Well, almost everything.
While the skills and scoring remain the same, sevens and 15s diverge in multiple ways but no more so than in one facet of the game. Because there’s one thing curiously absent from sevens – drop goals in general play.
In fact, kicking for points outside of conversions is a rarity in sevens at the best of times.
HSBC SVNS stats guru Kate Lorimer has dug into the numbers and found that, in the 25-year history of the men’s competition, just 118 successful penalties have been scored. About to take the field in his 104th tournament, Argentina’s Gaston Revol has played more events than anyone and with that has also kicked more penalty goals than any other player. He has six of them.
There have been two so far this season with ice-cool kicks, both against Fiji. One was from France’s Ryan Rebbadj, the other Australia’s Maurice Longbottom.
The number of successful penalties kicked in the women’s competition is even lower – just 13 over the years, two of which were kicked by Japan’s Yume Okuroda. The most recent came via the boot of Brazil’s Raquel Kochhann in 2022.
Drop off
If the rate of successful penalty kicks is low, then teams scoring through drop goals or even attempting them has been so rarely sighted on the sevens field they’re almost extinct. Or dormant at the very least.
A grand total of 15 drop goals have been kicked in open play over the two and half decades of the men’s series and, in just over 10 years of the women’s series, there have been precisely zero.
Ireland’s Gavin Hussey kicked the first ever drop goal in 2001, against Morocco in Dubai. Another two were landed in that 2001 season but Hussey’s trailblazing moment hardly opened the floodgates for drop goals to become a major scoring option in the game.
Samoa’s Lolo Lui, captain of the famed 2009-10 series winning team, remains the king of the sevens drop goal, with six of the overall tally of 15 coming from his boot. Blitzboks star Branco du Preez (pictured, above) knocked over the last drop goal seen on the sevens field on the Gold Coast in 2013.
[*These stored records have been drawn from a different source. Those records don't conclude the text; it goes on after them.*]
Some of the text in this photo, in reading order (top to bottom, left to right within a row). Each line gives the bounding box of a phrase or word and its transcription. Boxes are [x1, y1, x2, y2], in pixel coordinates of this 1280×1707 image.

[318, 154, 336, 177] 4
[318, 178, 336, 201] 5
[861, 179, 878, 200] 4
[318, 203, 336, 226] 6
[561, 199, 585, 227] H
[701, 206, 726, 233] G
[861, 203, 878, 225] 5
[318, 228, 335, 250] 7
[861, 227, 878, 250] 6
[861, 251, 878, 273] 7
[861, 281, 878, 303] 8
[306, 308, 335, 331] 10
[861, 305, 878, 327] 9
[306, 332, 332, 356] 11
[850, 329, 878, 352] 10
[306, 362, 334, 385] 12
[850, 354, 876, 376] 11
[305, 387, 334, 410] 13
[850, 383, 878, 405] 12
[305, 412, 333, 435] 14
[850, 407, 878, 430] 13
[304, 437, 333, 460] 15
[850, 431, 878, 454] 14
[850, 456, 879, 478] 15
On the women’s series, the great Ghislaine Landry was arguably the most likely to pot a field goal. Until she was recently overtaken by Tyla King (née Nathan-Wong), Landry long held the record for most points on the series – she was the first woman to 1,000 and finished her illustrious career in 2021 with 1,356. Among those points, she kicked a single penalty.
Having just come back on after a yellow card, she nudged over the penalty in front of the uprights to take Canada’s lead over Australia two to scores in the final in Clermont-Ferrand back in 2016.
Risk and reward
While she remembers the penalty goal, the only thing Landry recalls about drop goals is once talking about it with an assistant coach but, “nothing came of it".
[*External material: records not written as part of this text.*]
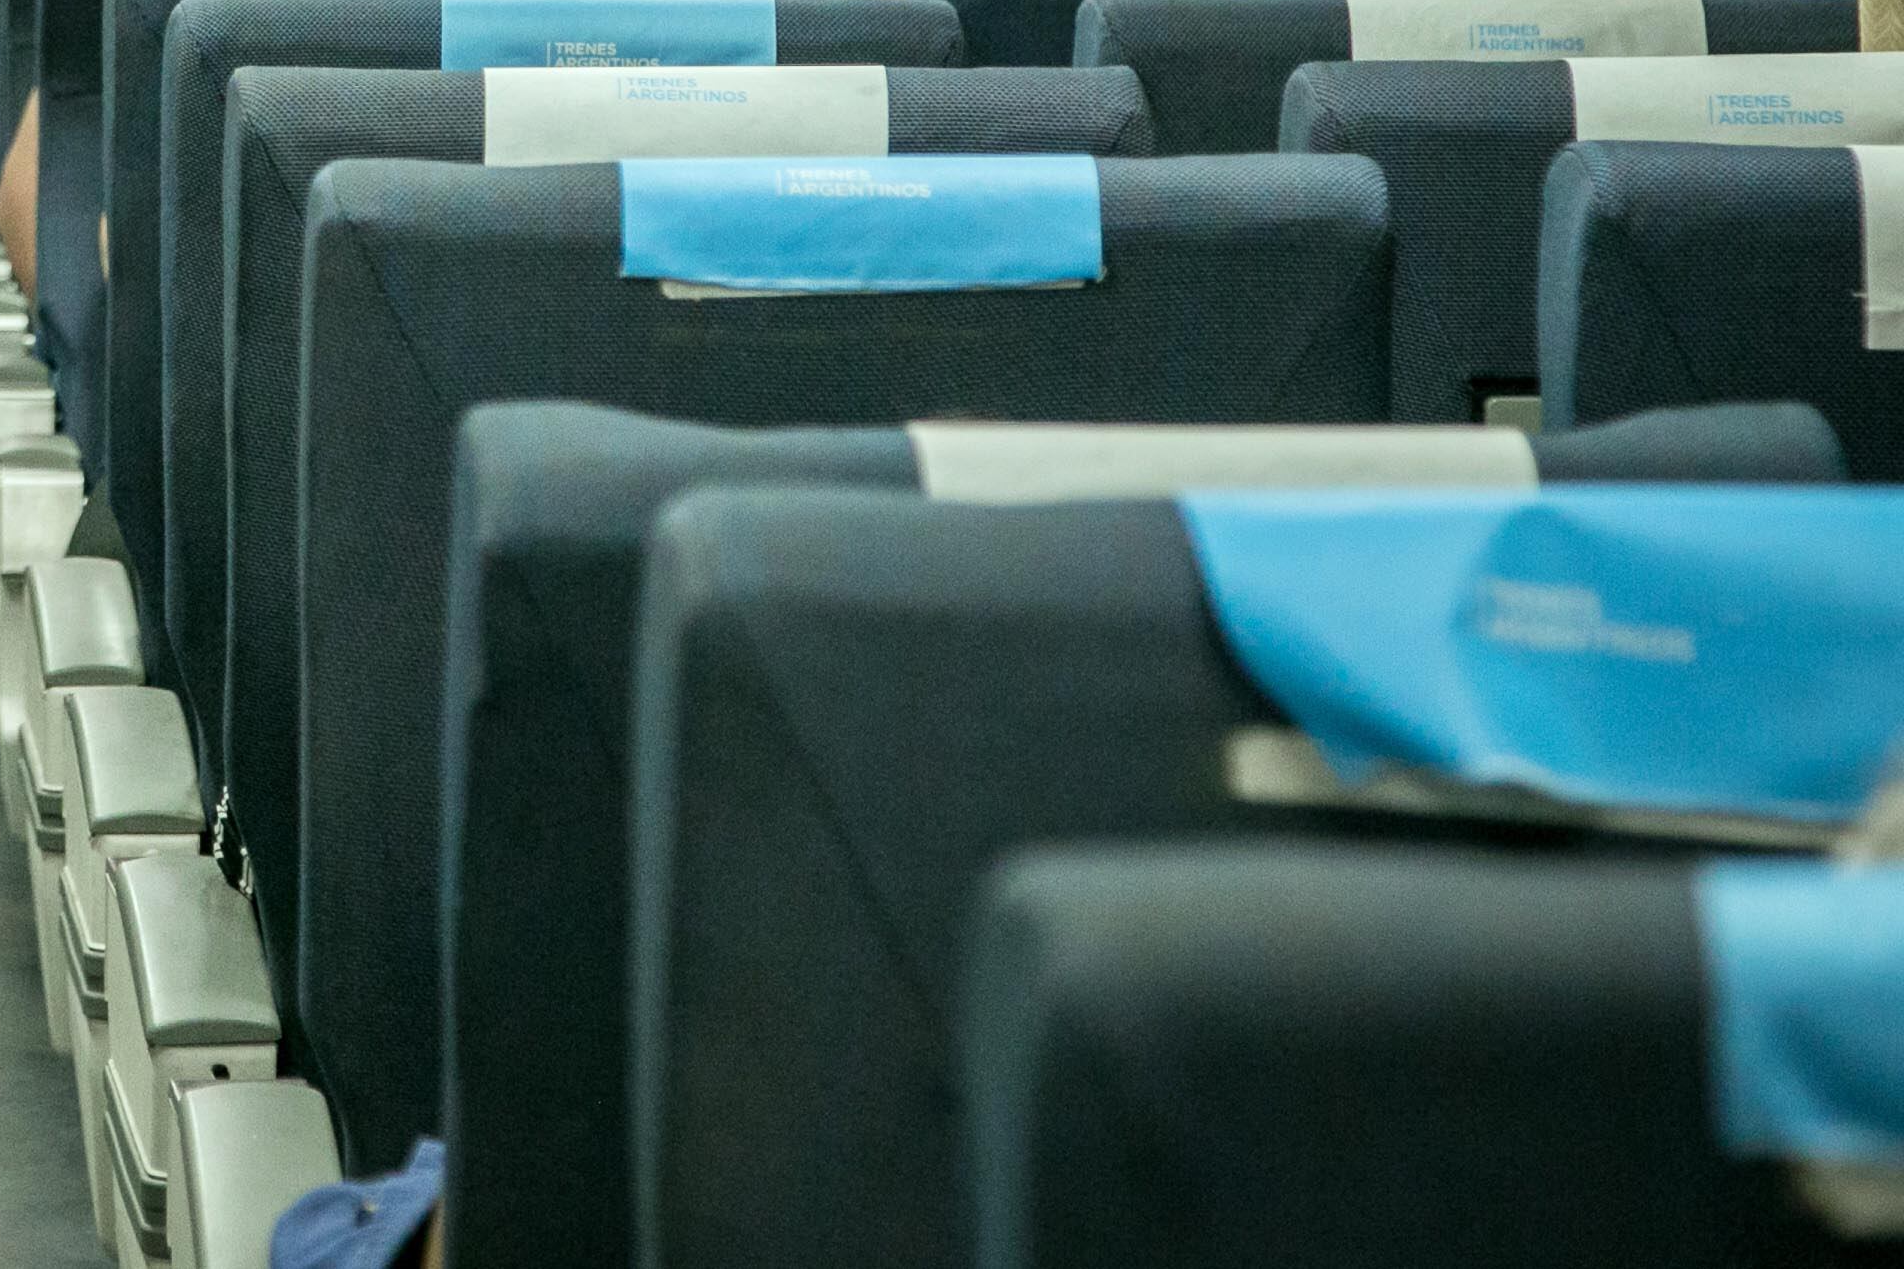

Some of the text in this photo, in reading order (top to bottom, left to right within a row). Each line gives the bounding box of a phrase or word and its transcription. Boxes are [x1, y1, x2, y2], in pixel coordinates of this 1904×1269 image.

[1478, 25, 1540, 36] TRENES
[555, 42, 617, 56] TRENES
[1479, 38, 1585, 51] ARGENTINOS
[555, 57, 661, 67] ARGENTINOS
[626, 77, 697, 87] TRENES
[626, 89, 748, 103] ARGENTINOS
[1717, 95, 1791, 107] TRENES
[1718, 111, 1845, 125] ARGENTINOS
[786, 168, 872, 181] TRENES
[787, 182, 932, 198] ARGENTINOS
Landry says the risk versus the reward of taking a potshot is the main factor as to why we just don’t see them. “When you get close enough to be in kicking range, the likelihood of scoring points is pretty high, so going for three as opposed to a try isn’t worth it” she said, while adding there’s a high risk of turning over possession with a missed kick taken on a whim.
Landry notes it is also an incredibly difficult skill to master and an area where the women’s game is catching up.
“When you watch drop kicks for conversions, generally speaking on the women’s side the skill isn’t as fine-tuned, and that’s not even in open play, so that would speak to some of the reason for the lack of drop goals. But tactically speaking, if you have someone with the skill for sure there’d be a situation for it to come into play.”
Just drop it
She pointed out, however, that all it may take for drop goals to become fashionable in sevens is someone actually doing it.
“Sevens follows trends,” she said. “South Africa’s men started taking deep breaths at half-time, then we started doing it and now I would say every single team does it in some capacity. It’s a bit like calling for a scrum on a penalty now – everyone does it because someone did it once, even when it’s not always the right choice.”
As it has been more than 10 years since the last one, perhaps ‘drop goals for glory’ truly are a thing of the past, a small footnote in the stats lines and history books while the surge of athleticism in the women’s game makes them wholly unnecessary. Or perhaps someone just needs a little nudge.
Having taken her top points scoring crown, Landry cites the Black Ferns Sevens’ King as the most likely contender to take on a droppie and the player with the skill level to do it… if she’s up for the challenge.